Today just 400 Americans have more wealth than half of all Americans combined.
Let me say that again. 400 obscenely rich people, most of whom benefited in some way from the multi-trillion dollar taxpayer "bailout" of 2008, now have more loot, stock and property than the assets of 155 million Americans combined. If you can't bring yourself to call that a financial coup d'état, then you are simply not being honest about what you know in your heart to be true.

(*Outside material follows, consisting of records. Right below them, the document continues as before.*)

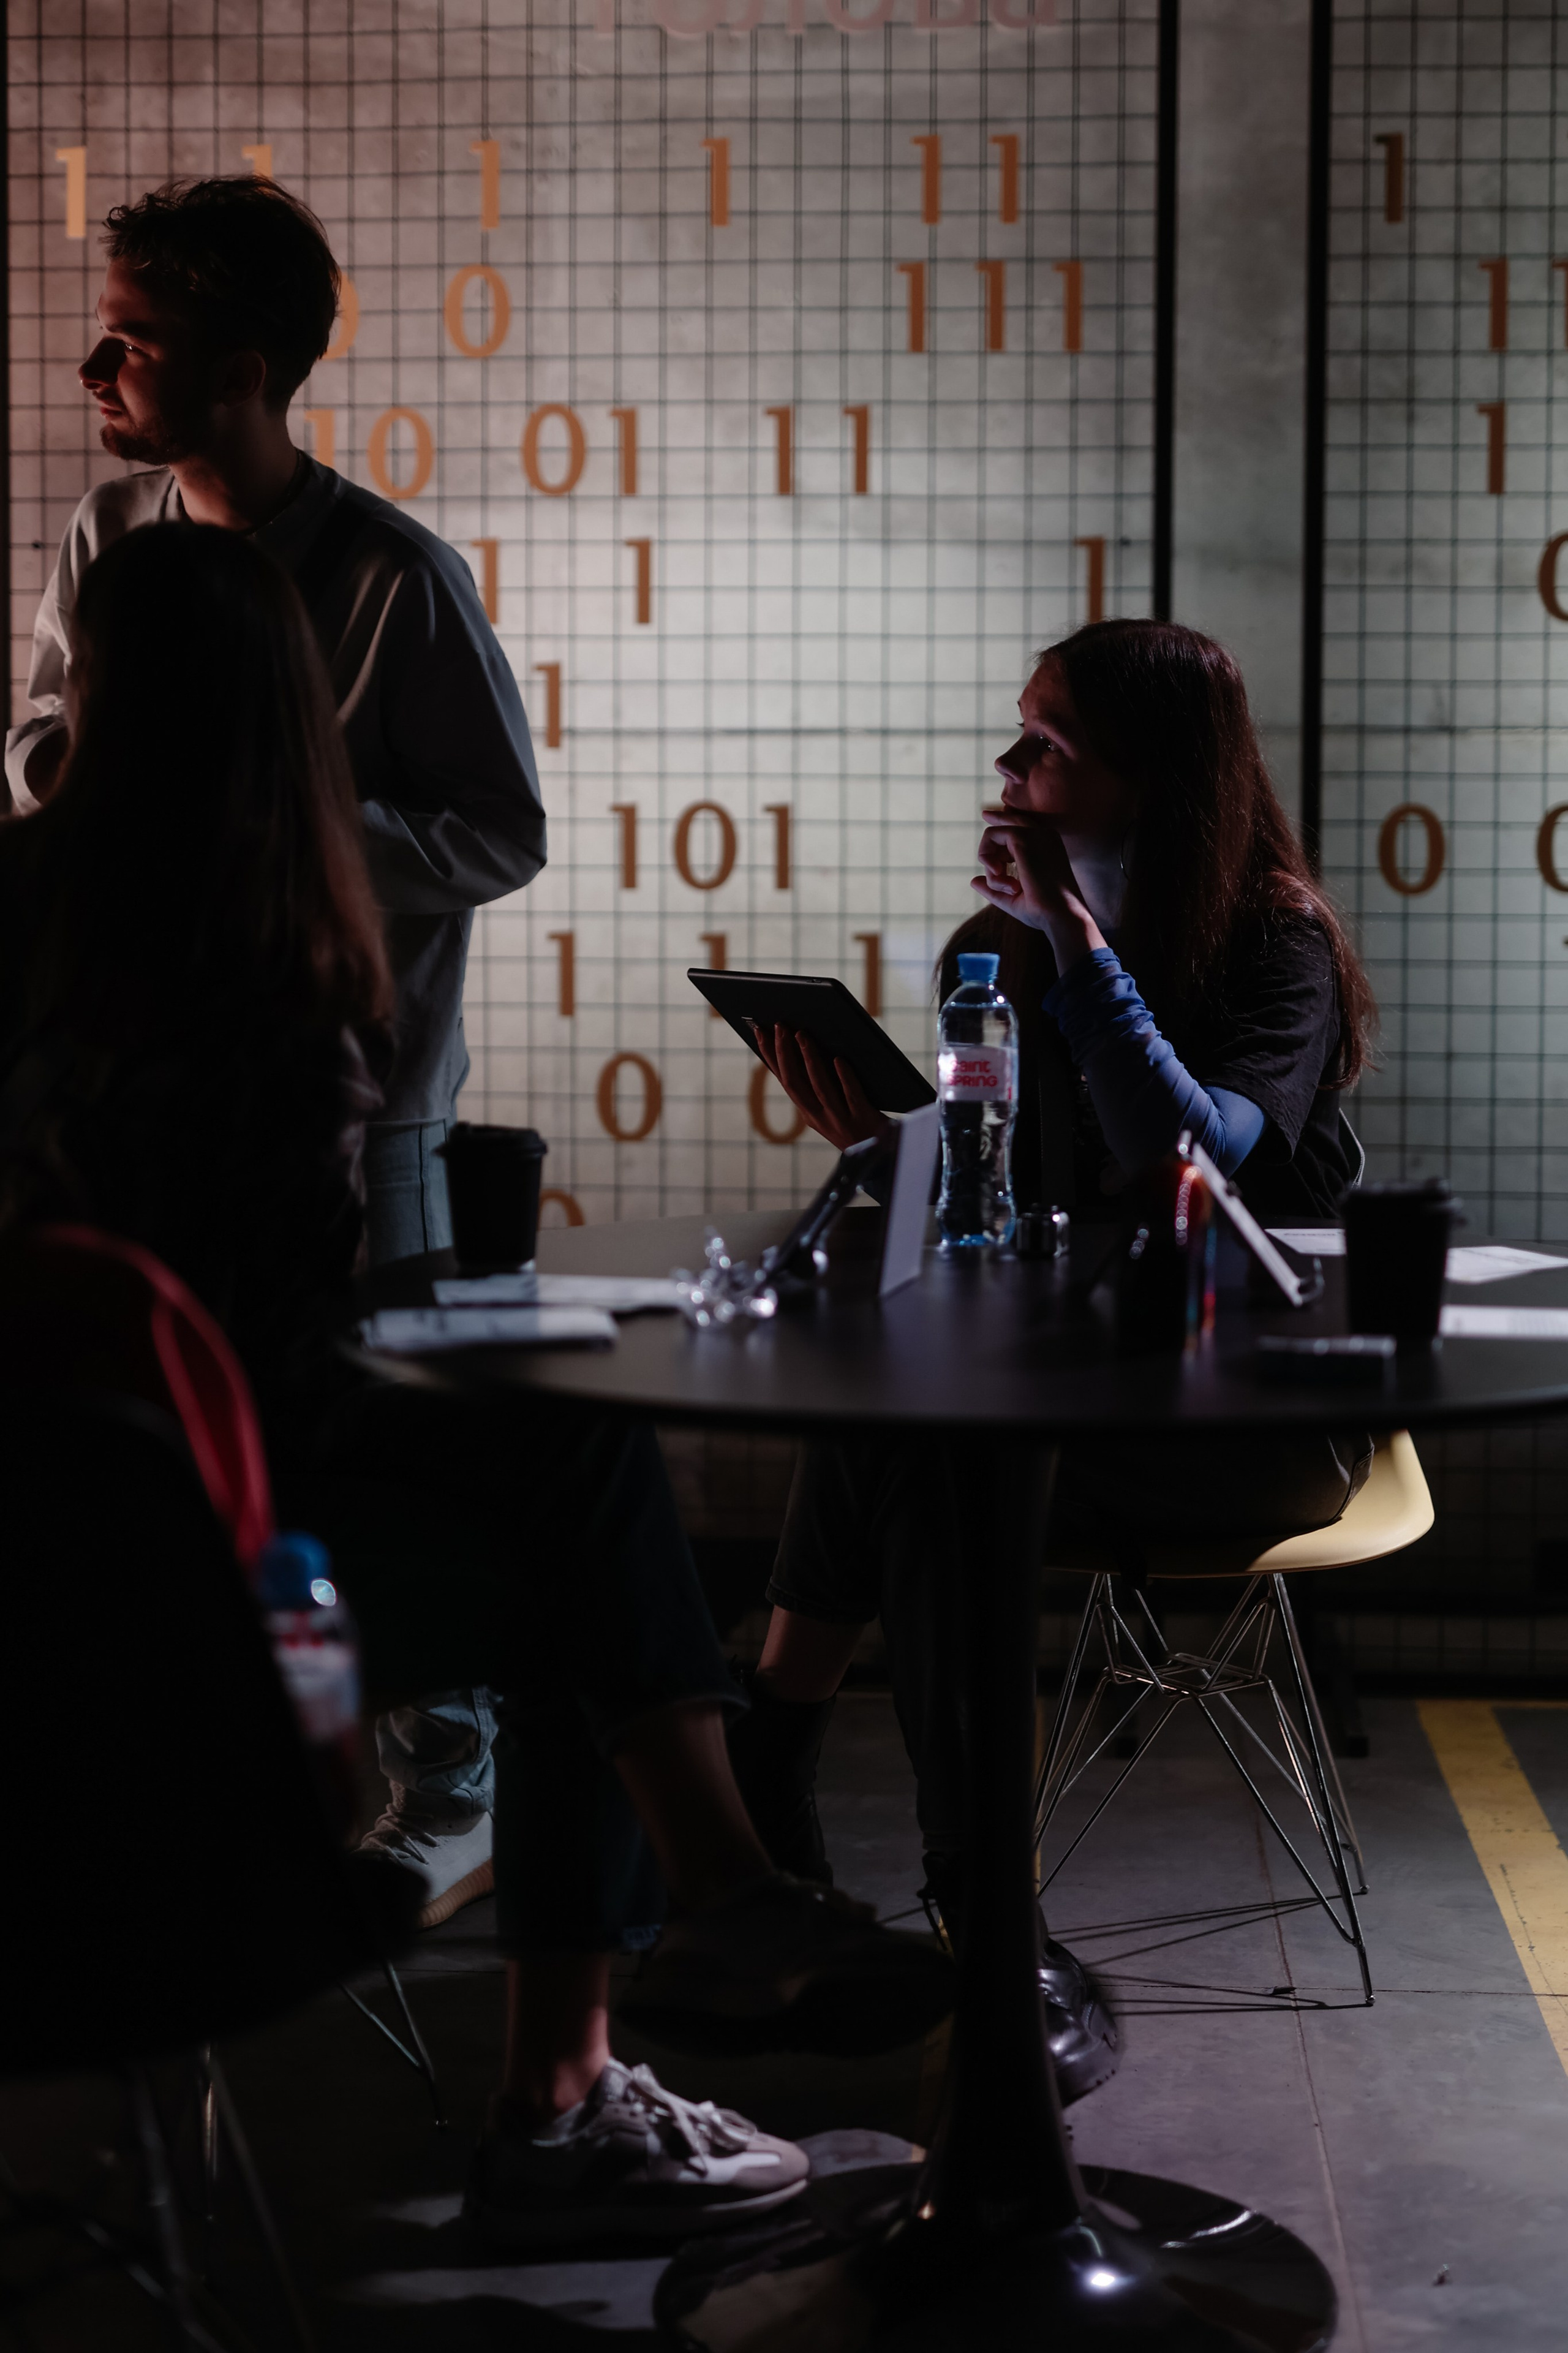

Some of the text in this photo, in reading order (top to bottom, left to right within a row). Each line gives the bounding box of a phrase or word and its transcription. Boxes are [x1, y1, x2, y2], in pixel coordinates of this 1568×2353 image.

[56, 146, 86, 238] 1
[470, 140, 501, 229] 1
[702, 137, 731, 227] 1
[1374, 132, 1404, 223] 1
[1477, 402, 1506, 494] 1
[625, 537, 651, 624] 1
[1074, 536, 1105, 624] 1
[532, 662, 562, 749] 1
[547, 930, 575, 1017] 1
[853, 932, 881, 1018] 1

And I can see why. For us to admit that we have let a small group of men abscond with and hoard the bulk of the wealth that runs our economy, would mean that we'd have to accept the humiliating acknowledgment that we have indeed surrendered our precious Democracy to the moneyed elite. Wall Street, the banks and the Fortune 500 now run this Republic -- and, until this past month, the rest of us have felt completely helpless, unable to find a way to do anything about it.

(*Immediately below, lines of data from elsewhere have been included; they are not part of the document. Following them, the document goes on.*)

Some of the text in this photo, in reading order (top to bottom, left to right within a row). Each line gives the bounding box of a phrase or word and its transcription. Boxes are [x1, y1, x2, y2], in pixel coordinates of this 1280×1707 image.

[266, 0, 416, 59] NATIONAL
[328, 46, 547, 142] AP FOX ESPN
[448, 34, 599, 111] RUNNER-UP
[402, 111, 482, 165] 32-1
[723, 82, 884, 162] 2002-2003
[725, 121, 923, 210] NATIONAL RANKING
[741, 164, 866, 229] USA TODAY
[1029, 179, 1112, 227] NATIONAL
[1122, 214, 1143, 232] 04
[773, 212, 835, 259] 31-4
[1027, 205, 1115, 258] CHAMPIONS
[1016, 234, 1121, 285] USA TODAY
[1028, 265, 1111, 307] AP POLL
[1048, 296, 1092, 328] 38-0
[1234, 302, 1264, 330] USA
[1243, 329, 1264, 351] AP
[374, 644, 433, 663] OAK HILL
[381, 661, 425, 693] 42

I have nothing more than a high school degree. But back when I was in school, every student had to take one semester of economics in order to graduate. And here's what I learned: Money doesn't grow on trees. It grows when we make things. It grows when we have good jobs with good wages that we use to buy the things we need and thus create more jobs. It grows when we provide an outstanding educational system that then grows a new generation of inventers, entrepreneurs, artists, scientists and thinkers who come up with the next great idea for the planet. And that new idea creates new jobs and that creates revenue for the state. But if those who have the most money don't pay their fair share of taxes, the state can't function. The schools can't produce the best and the brightest who will go on to create those jobs. If the wealthy get to keep most of their money, we have seen what they will do with it: recklessly gamble it on crazy Wall Street schemes and crash our economy. The crash they created cost us millions of jobs. That too caused a reduction in revenue. And the population ended up suffering because they reduced their taxes, reduced our jobs and took wealth out of the system, removing it from circulation.

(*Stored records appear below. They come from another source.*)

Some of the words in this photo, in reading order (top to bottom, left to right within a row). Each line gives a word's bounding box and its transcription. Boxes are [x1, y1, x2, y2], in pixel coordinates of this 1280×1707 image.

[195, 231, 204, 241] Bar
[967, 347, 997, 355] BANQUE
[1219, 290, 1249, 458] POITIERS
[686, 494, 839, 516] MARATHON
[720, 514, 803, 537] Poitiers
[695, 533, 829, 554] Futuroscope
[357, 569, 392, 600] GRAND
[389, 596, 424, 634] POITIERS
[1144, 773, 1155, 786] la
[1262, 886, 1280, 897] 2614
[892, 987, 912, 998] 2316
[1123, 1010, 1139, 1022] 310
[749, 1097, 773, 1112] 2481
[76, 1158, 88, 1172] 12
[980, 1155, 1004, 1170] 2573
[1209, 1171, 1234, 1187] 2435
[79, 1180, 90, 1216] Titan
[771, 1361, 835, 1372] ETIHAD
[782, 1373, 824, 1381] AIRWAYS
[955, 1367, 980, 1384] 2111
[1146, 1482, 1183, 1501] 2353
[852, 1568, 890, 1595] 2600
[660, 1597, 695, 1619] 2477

The nation is not broke, my friends. Wisconsin is not broke. It's part of the Big Lie. It's one of the three biggest lies of the decade: America/Wisconsin is broke, Iraq has WMD, the Packers can't win the Super Bowl without Brett Favre.
The truth is, there's lots of money to go around. LOTS. It's just that those in charge have diverted that wealth into a deep well that sits on their well-guarded estates. They know they have committed crimes to make this happen and they know that someday you may want to see some of that money that used to be yours. So they have bought and paid for hundreds of politicians across the country to do their bidding for them. But just in case that doesn't work, they've got their gated communities, and the luxury jet is always fully fueled, the engines running, waiting for that day they hope never comes. To help prevent that day when the people demand their country back, the wealthy have done two very smart things:
1. They control the message. By owning most of the media they have expertly convinced many Americans of few means to buy their version of the American Dream and to vote for their politicians. Their version of the Dream says that you, too, might be rich some day – this is America, where anything can happen if you just apply yourself! They have conveniently provided you with believable examples to show you how a poor boy can become a rich man, how the child of a single mother in Hawaii can become president, how a guy with a high school education can become a successful filmmaker. They will play these stories for you over and over again all day long so that the last thing you will want to do is upset the apple cart -- because you -- yes, you, too! -- might be rich/president/an Oscar-winner some day! The message is clear: keep you head down, your nose to the grindstone, don't rock the boat and be sure to vote for the party that protects the rich man that you might be some day.
2. They have created a poison pill that they know you will never want to take. It is their version of mutually assured destruction. And when they threatened to release this weapon of mass economic annihilation in September of 2008, we blinked. As the economy and the stock market went into a tailspin, and the banks were caught conducting a worldwide Ponzi scheme, Wall Street issued this threat: Either hand over trillions of dollars from the American taxpayers or we will crash this economy straight into the ground. Fork it over or it's Goodbye savings accounts. Goodbye pensions. Goodbye United States Treasury. Goodbye jobs and homes and future. It was friggin' awesome and it scared the shit out of everyone. "Here! Take our money! We don't care. We'll even print more for you! Just take it! But, please, leave our lives alone, PLEASE!"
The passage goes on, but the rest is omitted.